"Le amanti": dal romanzo di Elfriede Jelinek al Festival Orestiadi
In occasione del Festival Orestiadi di Gibellina, promosso dalla Fondazione Orestiadi, con la direzione artistica di Claudio Collovà, venerdì 17 luglio, alle 21.15 al Baglio di Stefano va in scena "Le amanti", dal romanzo di Elfriede Jelinek, per la prima volta adattato per il palcoscenico, in cui il Teatrino Giullare crea con soluzioni sceniche sorprendenti un componimento delicato, feroce, comico e potentemente visionario.
Protagonista di questa storia è l'amore, con le sue angosce, le sue spesso fallaci promesse. Due ragazze, Brigitte e Paula, che desiderano una vita migliore. Brigitte ha le idee chiare: accaparrarsi con le unghie e con i denti l’amore di un promettente elettricista. Paula è più confusa, ma anche lei s’innamora perché solo l’amore sembra poter dare un senso alla sua esistenza.
Incontri, gravidanze, matrimoni, nascite, morti improvvise e paradossi della vita compongono un furioso e divertente affresco popolato di sogni e speranze in cui le protagoniste sono due bambole a grandezza umana sullo sfondo di un paesaggio abitato da grotteschi personaggi chiusi in scatole di cartone. A condurre il racconto teatrale una narratrice e un Eros ambiguo e singolare.
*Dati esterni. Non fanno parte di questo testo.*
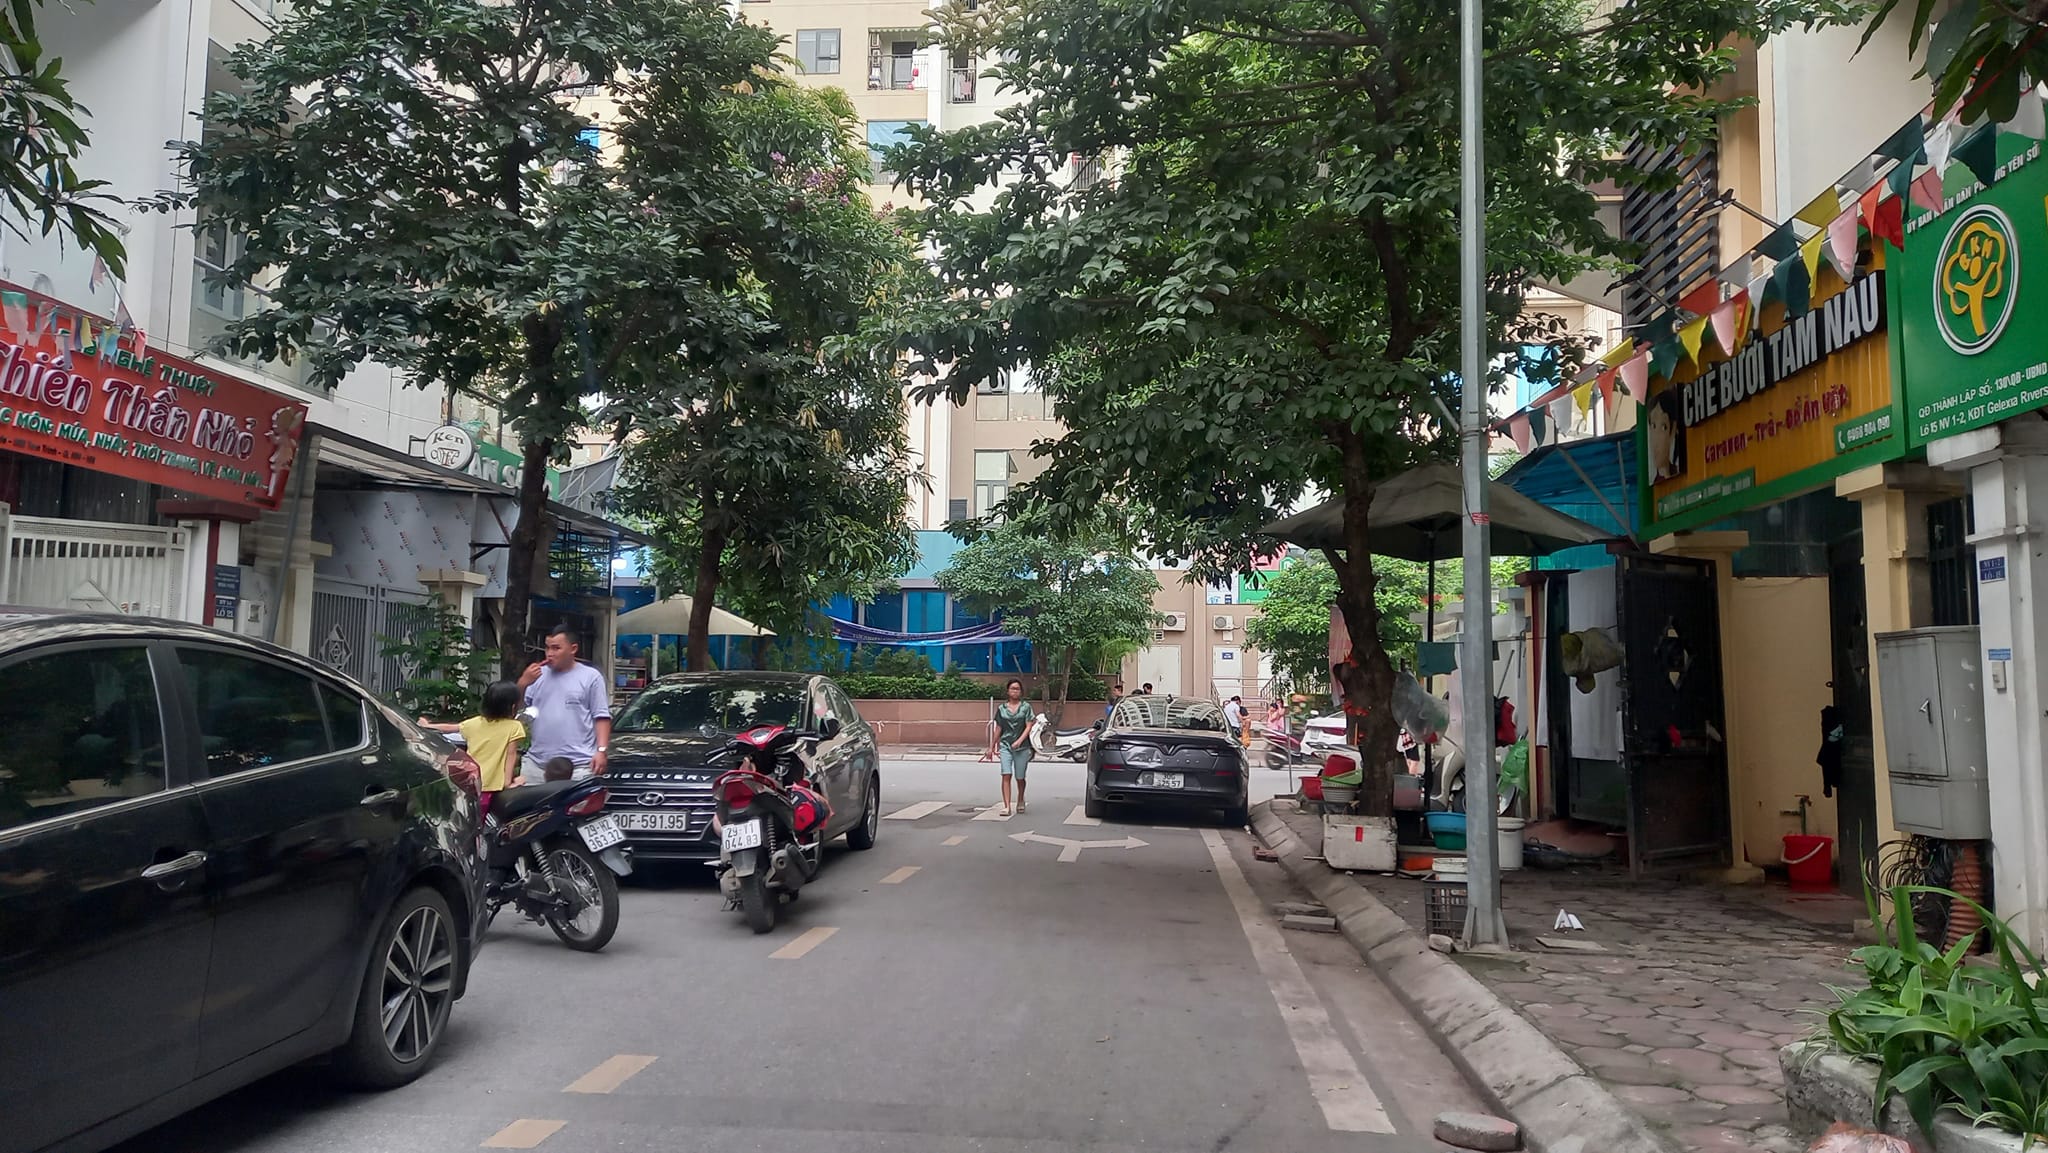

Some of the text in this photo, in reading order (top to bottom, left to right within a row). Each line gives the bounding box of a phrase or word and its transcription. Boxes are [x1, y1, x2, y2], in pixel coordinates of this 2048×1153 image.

[1683, 363, 1717, 427] CHÈ
[102, 378, 190, 442] Thần
[192, 407, 257, 460] Nhỏ
[602, 773, 711, 781] DISCOVERY
[613, 814, 684, 830] 30F-591.95
[589, 830, 622, 850] 363.32
[725, 833, 758, 850] 044.83
Protagonista di questa storia è anche il linguaggio, provocatorio e implacabile, giocato sul filo del paradosso, a tratti irresistibilmente comico. Un romanzo illustrato, un duello teatrale tra Eros e la brutalità in cui la satira prende come oggetto la crudeltà dei rapporti, l'insensatezza della vita lavorativa e soprattutto la retorica sull'amore, che si rivela l’ennesima mistificazione dell’essere umano per non vedere la povertà dei suoi orizzonti.